Retorcido como estaba, la ligera camiseta se le había subido hasta media espalda. Vi la carne blanca y suave del niño, los picudos huesines de la columna vertebral; y esas extrañas marcas oscuras y redondas. Me incliné y miré más de cerca: eran unos pequeños círculos de piel arrugada y más oscura. Había dos o tres, quizá por delante hubiera más. Podrían ser quemaduras. Cicatrices.

– ¿Qué tienes aquí? -dije. Chico dio un respingo y se tapó la espalda de un tirón. Y entonces, por ese gesto suyo, comprendí. Comprendí por qué era tan cuidadoso al desnudarse, con lo que yo creí que eran pudores de varón. Comprendí el pavor que le tenía a Segundo.

Nos quedamos en silencio durante un rato largo, mientras la noche seguía crepitando de luz alrededor. Amanda acunaba a Chico entre sus brazos y bisbiseaba una canción de cuna sólo para él. Ahora ya no parecía una niña, sino mucho más vieja de lo que en realidad era. Airelai se levantó con un suspiro y se acercó a la ventana abierta. La seguí. Allí abajo, junto a la farola de la esquina, apoyado en el muro, estaba el hombre contra el que yo había tropezado esa mañana; fumaba un cigarrillo y parecía esperar algo o a alguien con una paciencia inagotable.

– Tenía que suceder -repitió la enana. Un avión rompió el cielo sobre nuestras cabezas: era como el ruido del rodar de unas nubes de piedra. Y después comenzó a amanecer y se acabó también esa noche eterna.

Airelai tenía dibujada la cruz de Caravaca en el cielo de la boca. Un día nos la enseñó y como era tan bajita se tuvo que subir a la mesa de la cocina para que Amanda se la pudiera ver. Se trataba de un reborde blanquecino que le recorría el paladar; no resultaba demasiado espectacular, pero era la marca de la Estrella.

– Esto indica que poseo la gracia. Inmediatamente Chico y yo nos escudriñamos la boca el uno al otro para ver si estábamos señalados. Pero no.

– No seáis tontos: si la tuvierais lo sabríais, porque éste no es el único indicio -dijo la enana-. El más importante es el del poder de la palabra. Si un niño tiene la gracia, habla desde el vientre de su madre. Pero si la madre lo cuenta, si revela el prodigio, la criatura nace con la marca pero pierde la gracia.

Nos quedamos impresionados. Incluso Amanda apretó los labios, amedrentada por las incalculables consecuencias del decir.

– ¿Por eso eres así, porque tienes esa cosa en la boca? -preguntó Chico tímidamente.

– ¿Cómo así?

– Así de pequeña. Airelai hinchó el pecho diminuto y dio unos cuantos pasos a uno y otro lado con aire satisfecho, como si el niño le hubiera dedicado el mayor elogio.

– Digamos que soy… especial -contestó al fin con una sonrisa.

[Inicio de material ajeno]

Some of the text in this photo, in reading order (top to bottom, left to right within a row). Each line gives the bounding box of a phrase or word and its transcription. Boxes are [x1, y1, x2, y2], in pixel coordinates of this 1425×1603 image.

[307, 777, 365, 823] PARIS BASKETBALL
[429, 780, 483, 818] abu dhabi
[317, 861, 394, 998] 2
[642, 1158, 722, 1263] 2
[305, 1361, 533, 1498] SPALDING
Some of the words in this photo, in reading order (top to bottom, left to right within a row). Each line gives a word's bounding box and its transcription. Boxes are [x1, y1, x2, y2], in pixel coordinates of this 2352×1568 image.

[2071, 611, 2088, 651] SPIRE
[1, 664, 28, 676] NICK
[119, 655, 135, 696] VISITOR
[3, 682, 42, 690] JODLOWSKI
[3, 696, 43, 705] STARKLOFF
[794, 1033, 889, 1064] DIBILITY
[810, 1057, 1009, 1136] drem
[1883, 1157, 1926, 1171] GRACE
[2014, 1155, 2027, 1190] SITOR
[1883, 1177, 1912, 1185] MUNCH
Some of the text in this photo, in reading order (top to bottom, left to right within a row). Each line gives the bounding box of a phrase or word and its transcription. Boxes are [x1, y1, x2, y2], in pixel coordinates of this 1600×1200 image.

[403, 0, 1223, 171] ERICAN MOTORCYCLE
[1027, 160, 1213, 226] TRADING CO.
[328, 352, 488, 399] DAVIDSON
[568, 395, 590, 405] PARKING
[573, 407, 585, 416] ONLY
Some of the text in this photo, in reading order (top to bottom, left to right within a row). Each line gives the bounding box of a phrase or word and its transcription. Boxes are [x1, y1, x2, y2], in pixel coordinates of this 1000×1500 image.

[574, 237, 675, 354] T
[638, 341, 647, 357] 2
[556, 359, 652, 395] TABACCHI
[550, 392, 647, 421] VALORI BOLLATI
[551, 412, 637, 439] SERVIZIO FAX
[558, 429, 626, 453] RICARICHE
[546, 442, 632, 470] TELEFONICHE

Y entonces nos contó lo de la Estrella. Porque Airelai hablaba mucho. Con ella, y con sus baúles, y sus útiles de magia, y sus trajes bordados de chispas de luz, llegaron sobre todo las palabras: fascinantes historias de mundos remotos, aventuras extraordinarias, reflexiones incomprensibles pero seguramente importantísimas. Por eso cuando Chico y yo no entendíamos algo, nos aprendíamos las frases de memoria, en el convencimiento de que la vida, con el tiempo, acabaría adaptándose a las palabras de Airelai y nos permitiría extraer su significado. Todo lo sabía nuestra enana; todo lo había vivido. Parecía muy joven, una linda muñeca sin pasado, pero ella aseguraba que tenía muchos años.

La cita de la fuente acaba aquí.